Para que los proyectos creativos sean concreciones materializables en el mercado, es necesario tejer una red de riesgo empresarial capaz de financiarlos. Las inversiones en empresas innovadoras y emprendedores, aunque más arriesgadas, tienen una rentabilidad considerable, muy por encima del mercado de valores. De hecho, las empresas de capital riesgo en Estados Unidos y en el Norte de Europa suponen más del 30% de las inversiones en innovación.
La innovación ha de estar centrada en el producto y ser cada vez más abierta, basada en la colaboración, es decir, en los acuerdos entre empresas, entre emprendedores o entre autónomos, tanto para su investigación como para la correspondiente explotación de la propiedad intelectual e industrial.
Praderas fértiles. Se dice que para ser innovador “se ha de pensar raro”. Solamente el inconformismo o la crítica constructiva nos permiten visualizar nuevos horizontes.
Son muchos los ejemplos que lo confirman.
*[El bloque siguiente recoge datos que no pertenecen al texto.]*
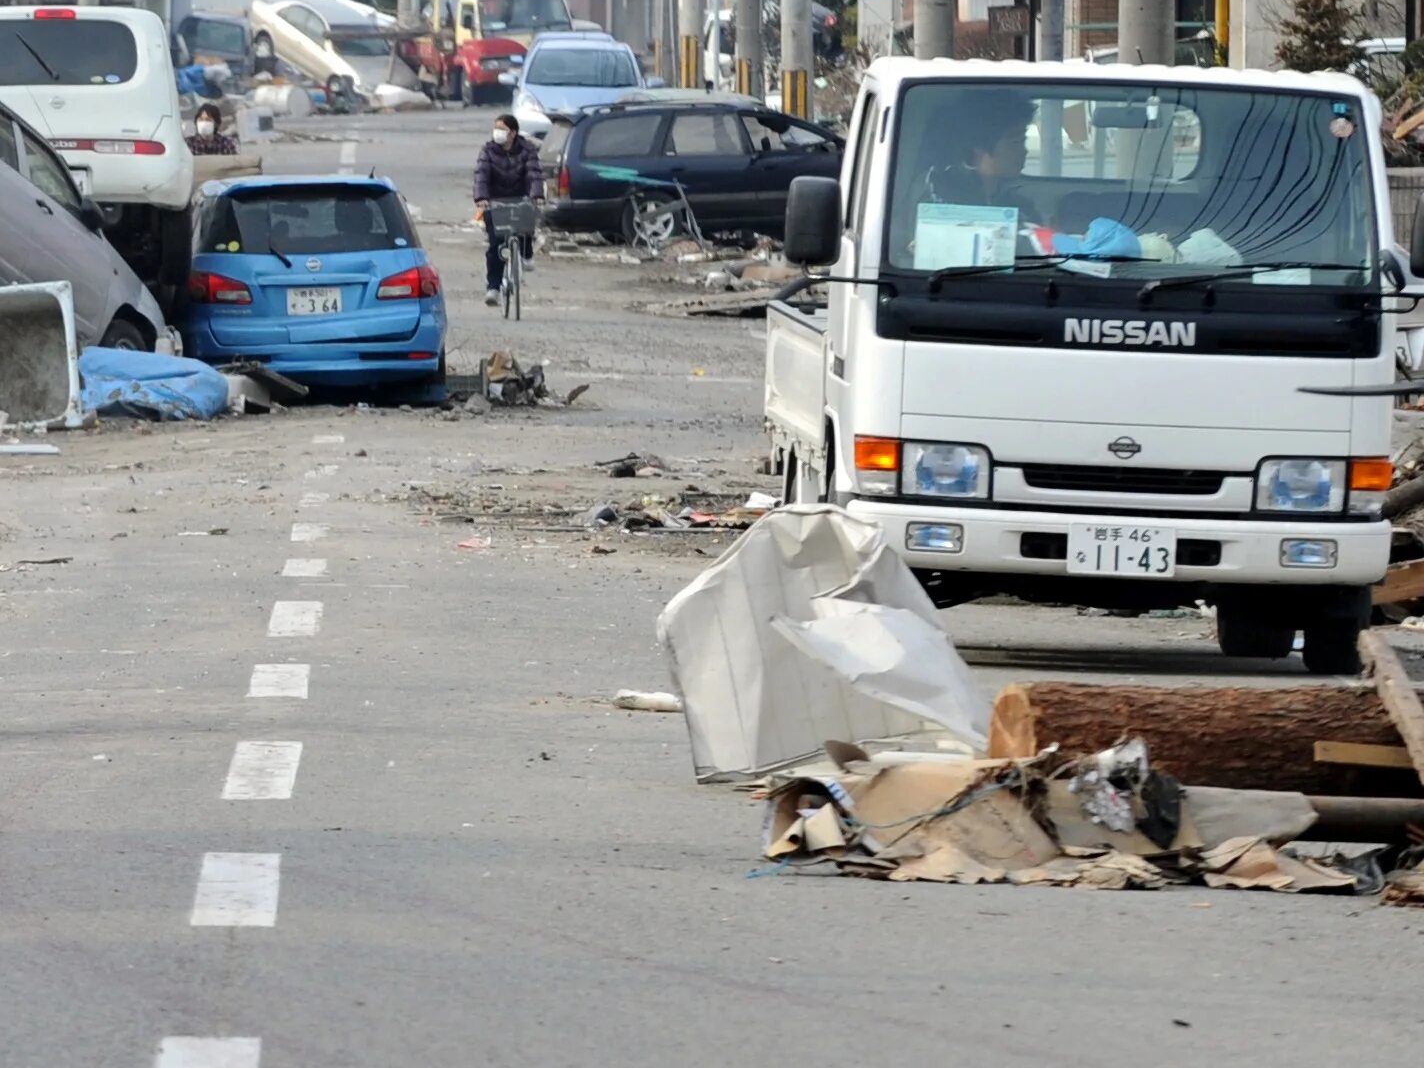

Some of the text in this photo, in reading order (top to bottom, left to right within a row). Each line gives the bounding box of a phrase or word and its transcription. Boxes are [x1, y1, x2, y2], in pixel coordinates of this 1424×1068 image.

[1064, 318, 1197, 347] NISSAN
[1094, 528, 1152, 543] 岩手 46
[1096, 544, 1170, 574] 11-43
Así, Netscape fue fundada por Jim Clark después de que este fracasara en el instituto y en el ejército; y Scott McNealy, cofundador de Sun Microsystems, deja muy claro que quiere que su empresa sea polémica, ya que es el único camino para triunfar y la clave para diferenciarse en una economía cada vez más competitiva.
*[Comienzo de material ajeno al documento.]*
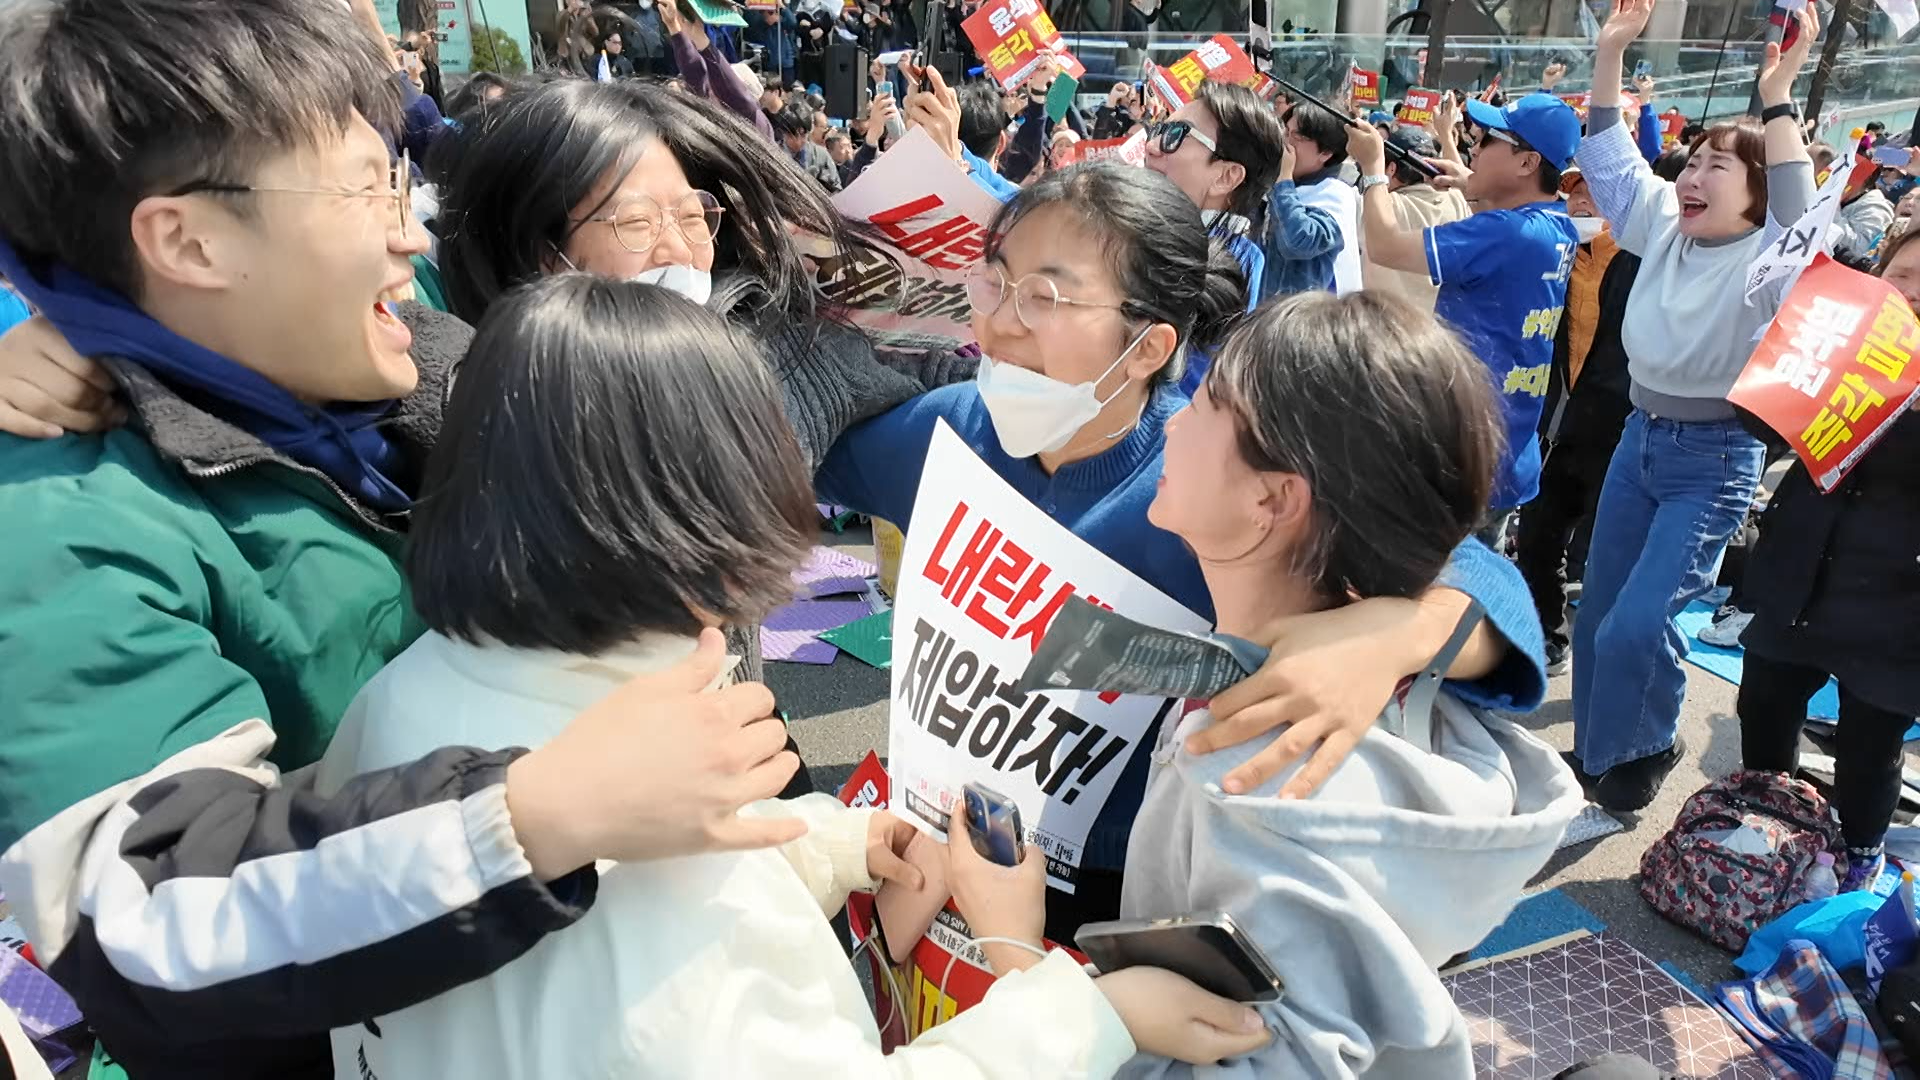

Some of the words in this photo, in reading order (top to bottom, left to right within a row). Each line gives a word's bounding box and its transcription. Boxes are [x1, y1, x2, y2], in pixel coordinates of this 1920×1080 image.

[988, 28, 1034, 70] 즉각
[1800, 370, 1888, 462] 즉각
[898, 615, 1130, 807] 제압하자!
Todos estos fundadores muestran una característica común: han sido capaces de crear praderas fértiles, es decir, nuevos mercados sin explotar y todavía al margen de la competencia feroz. Así, Richard Branson, propietario de la aerolínea Virgin, cuando vio las dificultades de hacerse un hueco en un mercado tan saturado como el del transporte aéreo, decidió alcanzar su propia pradera fértil. Su rebeldía ha sido considerable: contrató a la polémica banda de punk rock The Sex Pistols; más tarde compró un club nocturno gay; y así sucesivamente hasta poder fundar su compañía aérea. Y más adelante también se convirtió en el primer operador móvil virtual con Virgin Mobile; o creó Virgin Galactic, una empresa de turismo espacial; o, después de un desayuno con Al Gore, se aventuró, de la mano de Virgin Fuels, en la investigación de carburantes más ecológicos.
A veces nos obsesionamos con permanecer dentro del círculo vicioso de competir y competir bajando los precios o haciendo y haciendo más de lo mismo, en lugar de intentar ver un poco más allá y divisar un terreno todavía por conquistar mediante la innovación.
Al igual que ocurre con las praderas, la globalización comporta grandes ventajas, pero también puede suponer deslocalización, por lo que debemos reinventarnos siempre en el arte de la competencia.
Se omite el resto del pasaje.